The first inner pipe 23 is slid in the direction of the pipe axis O on the urging pipe part 28 urged toward the other side with respect to the first outer pipe 24 and the other end part of the urging pipe part 28. And a fitting tube portion 29 fitted in a movable manner.
The urging tube portion 28 includes one tube 28a located on one side and the other tube 28b located on the other side. One end of the other tube 28b is fitted in a liquid-tight manner to the other end of the one tube 28a, and both the tubes 28a and 28b are fixed in the direction of the pipe axis O.

  One end portion of the urging tube portion 28 protrudes from one opening end edge of the first outer tube 24 toward one side. The opening end edge on the other side of the urging tube portion 28 is located on one side with respect to the opening end edge on the other side of the first outer tube 24 and on the other side with respect to the second support portion 26. The urging pipe portion 28 is fitted into the fixed ring 27 so as to be slidable in the direction of the pipe axis O, and is inserted into the support portions 25 and 26 so as to be movable in the direction of the pipe axis O.

  The urging pipe portion 28 is provided with an engaging portion 30. The engaging portion 30 protrudes radially outward from the outer peripheral surface of the urging tube portion 28 and engages with the first support portion 25 from one side. The engaging portion 30 is engaged with a portion of the first support portion 25 located on the inner side in the radial direction with respect to the through hole so as to be separated toward one side.

  The biasing pipe portion 28 is biased by the first outer biasing member 31. The first outer biasing member 31 is formed by a spring such as a coil spring, for example. The first outer biasing member 31 is interposed between the fixing ring 27 and the engaging portion 30. The urging force acting on the urging pipe portion 28 from the first outer urging member 31 is received by the first support portion 25 via the engaging portion 30.

  The fitting tube portion 29 is inserted between the other tube 24 b of the first outer tube 24 and the other tube 28 b of the urging tube portion 28, and is positioned on the other side of the engagement portion 30 in the urging tube portion 28. The part is liquid-tightly fitted. The opening edge on one side of the fitting tube portion 29 and the engaging portion 30 are spaced apart so as to be accessible in the direction of the pipe axis O and face each other.
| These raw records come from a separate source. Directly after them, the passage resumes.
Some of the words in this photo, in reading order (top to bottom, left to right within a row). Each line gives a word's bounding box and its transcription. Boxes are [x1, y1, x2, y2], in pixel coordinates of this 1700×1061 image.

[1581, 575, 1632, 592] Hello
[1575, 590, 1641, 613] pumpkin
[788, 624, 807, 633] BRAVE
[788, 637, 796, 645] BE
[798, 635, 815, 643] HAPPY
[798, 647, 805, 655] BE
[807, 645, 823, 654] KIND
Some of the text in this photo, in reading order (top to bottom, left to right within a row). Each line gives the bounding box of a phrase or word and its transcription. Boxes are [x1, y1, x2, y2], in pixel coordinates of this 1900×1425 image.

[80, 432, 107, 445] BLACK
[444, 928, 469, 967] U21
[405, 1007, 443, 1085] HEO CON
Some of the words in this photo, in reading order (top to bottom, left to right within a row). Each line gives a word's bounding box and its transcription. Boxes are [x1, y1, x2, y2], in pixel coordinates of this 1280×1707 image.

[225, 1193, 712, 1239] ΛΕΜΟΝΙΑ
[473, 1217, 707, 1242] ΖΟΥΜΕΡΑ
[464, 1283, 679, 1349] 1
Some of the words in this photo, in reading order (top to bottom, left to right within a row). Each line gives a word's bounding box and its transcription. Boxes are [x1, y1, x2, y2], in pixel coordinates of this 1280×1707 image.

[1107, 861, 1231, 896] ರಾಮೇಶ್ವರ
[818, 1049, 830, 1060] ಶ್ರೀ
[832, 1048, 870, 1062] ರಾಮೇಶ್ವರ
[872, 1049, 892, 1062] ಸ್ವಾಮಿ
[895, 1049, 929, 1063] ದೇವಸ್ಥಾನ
The opening edge on the other side of the fitting tube portion 29 is located on the other side of the opening edge on the other side of the biasing tube portion 28, and is one side of the opening edge on the other side of the first outer tube 24. Located on the side. An annular elastic sealing material is fitted in the other end of the fitting tube portion 29.

  The fitting tube portion 29 is formed to be larger in the pipe axis O direction than the second support portion 26 of the first outer tube 24 and is opposed to the second support portion 26 from the inside in the radial direction. A communication gap 32 extending in the direction of the pipe axis O is provided between the outer peripheral surface of the pipe portion 29 and the inner peripheral surface of the second support portion 26.

  The first multiple tube 21 is provided with a first inner circuit 33 and a first outer circuit 34. The first inner circuit 33 and the first outer circuit 34 each open toward both sides in the pipe axis O direction. The first inner circuit 33 is configured by the inside of the first inner tube 23 and extends over the entire length of the first inner tube 23 in the direction of the piping axis O. The first outer circuit 34 is provided between the first outer tube 24 and the first inner tube 23. The first outer circuit 34 is provided over the entire length in the direction of the pipe axis O between the inner peripheral surface of the first outer tube 24 and the outer peripheral surface of the first inner tube 23.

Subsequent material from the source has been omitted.